Task input:
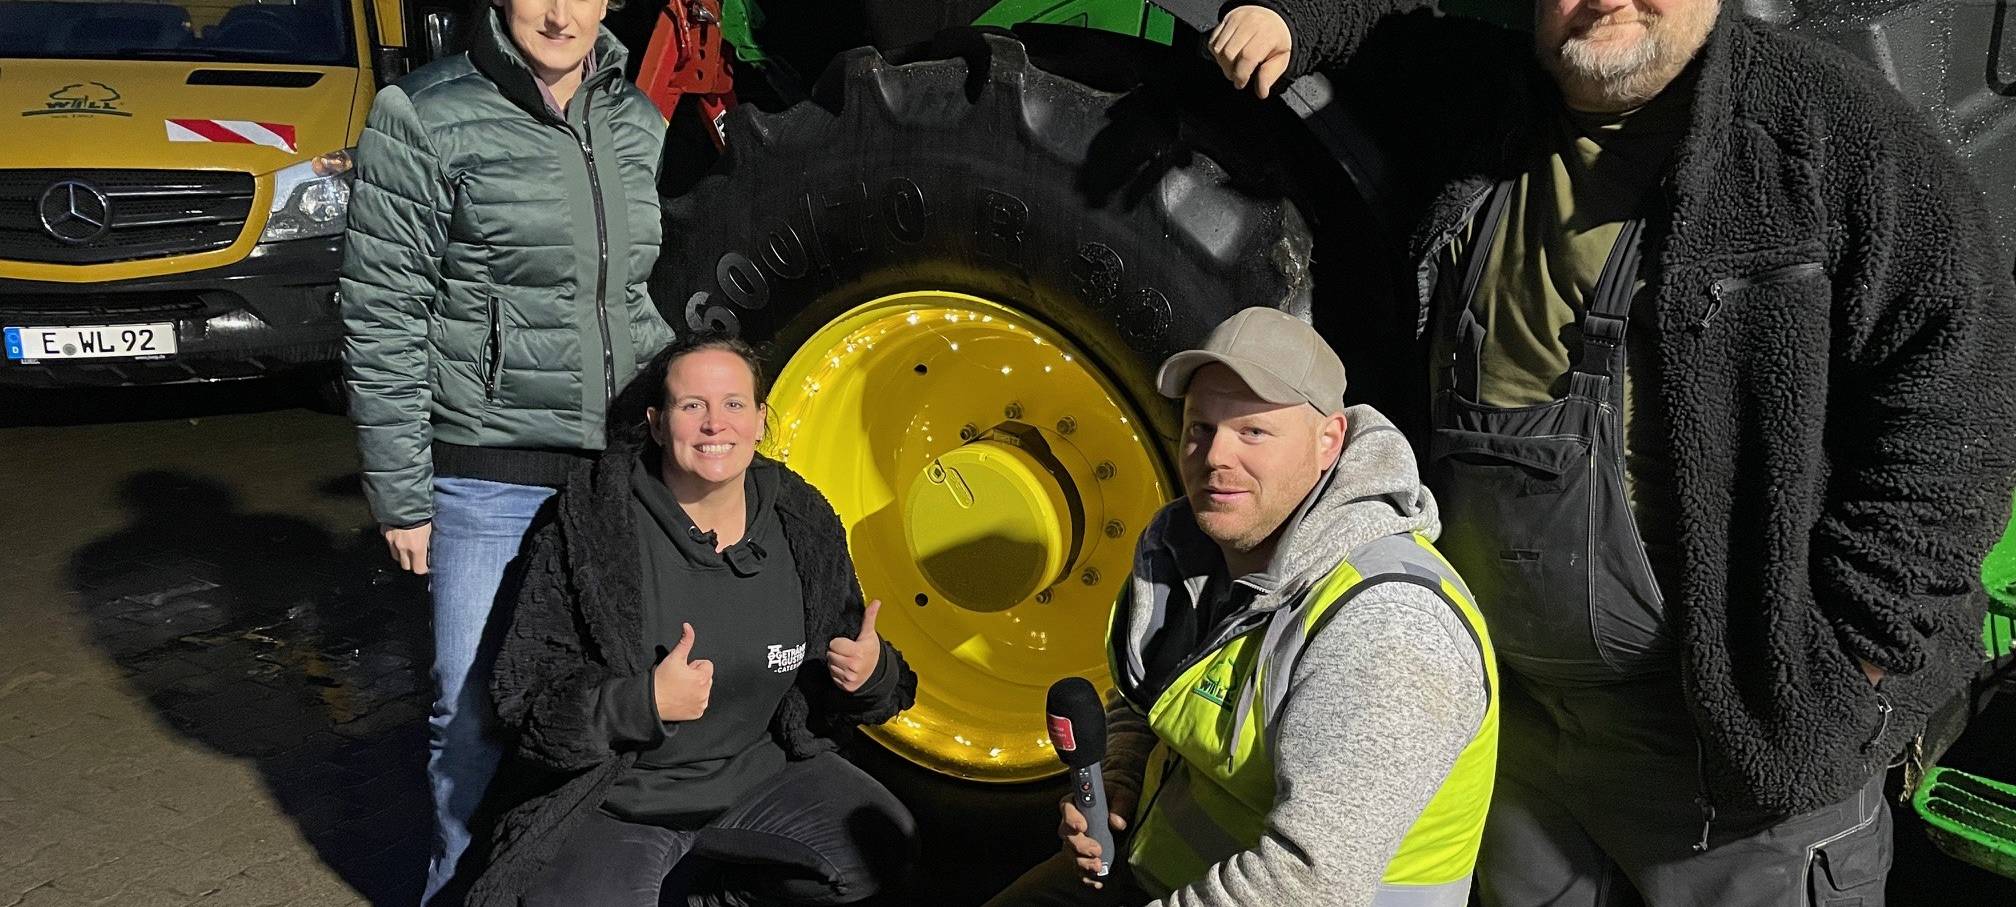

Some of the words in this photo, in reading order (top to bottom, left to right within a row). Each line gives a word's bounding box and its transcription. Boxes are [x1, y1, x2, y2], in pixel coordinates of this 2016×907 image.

[42, 332, 60, 354] E
[79, 331, 115, 353] WL
[121, 329, 156, 351] 92
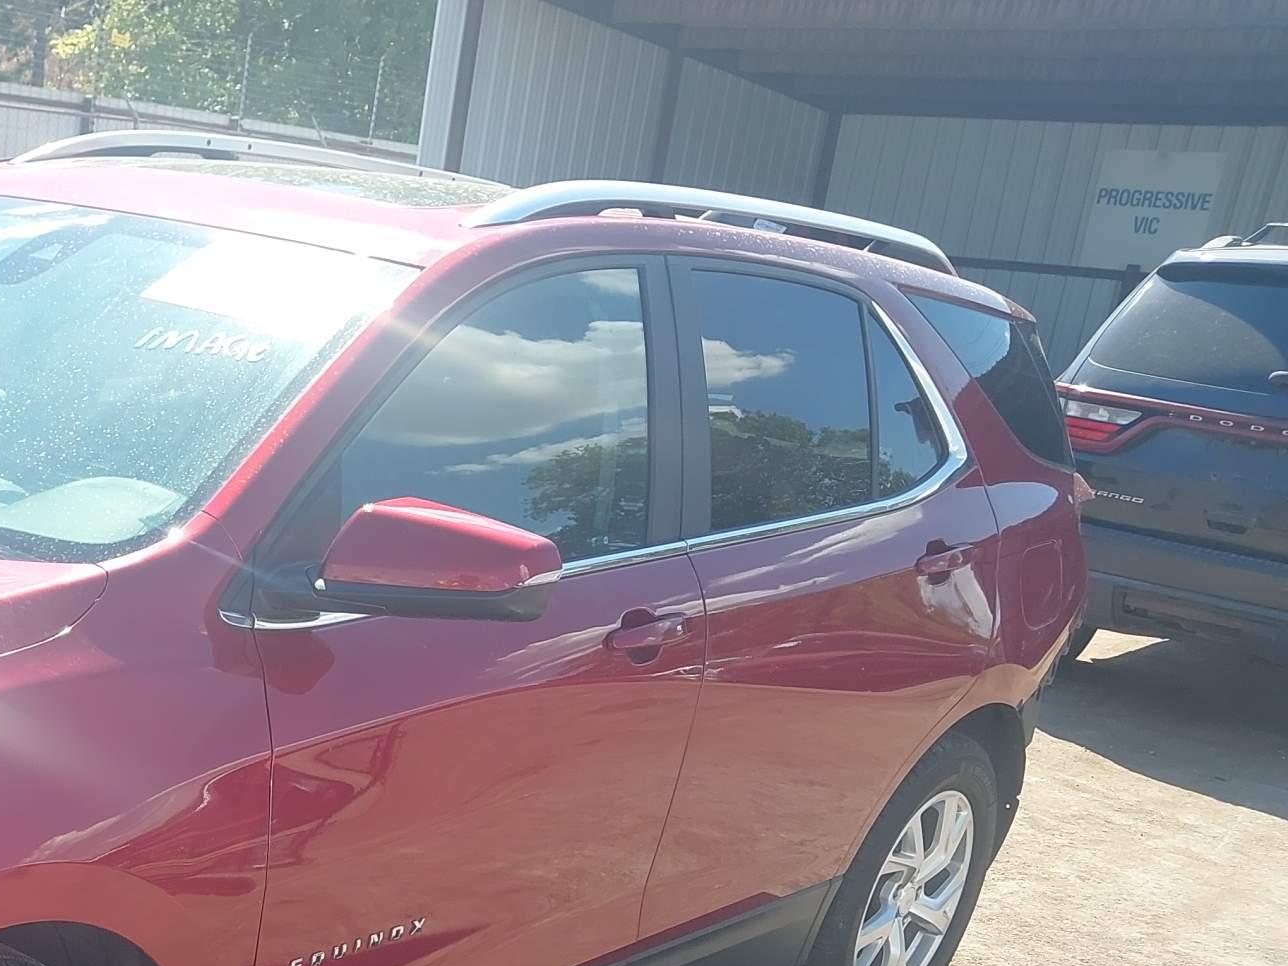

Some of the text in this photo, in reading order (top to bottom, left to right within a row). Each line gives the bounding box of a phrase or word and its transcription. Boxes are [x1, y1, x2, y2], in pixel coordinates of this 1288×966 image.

What you will do: Write the records above out again exactly, but not the pictures.

The completed task:
Some of the words in this photo, in reading order (top to bottom, left to right within a row). Each line gives a word's bounding box and its transcription. Boxes are [x1, y1, x2, y2], in pixel coordinates of this 2016×907 image.

[42, 332, 60, 354] E
[79, 331, 115, 353] WL
[121, 329, 156, 351] 92

Some of the text in this photo, in reading order (top to bottom, left to right within a row). Each line gives the bounding box of a phrase or word and its transcription. Boxes are [x1, y1, x2, y2], in pixel coordinates of this 1288×966 image.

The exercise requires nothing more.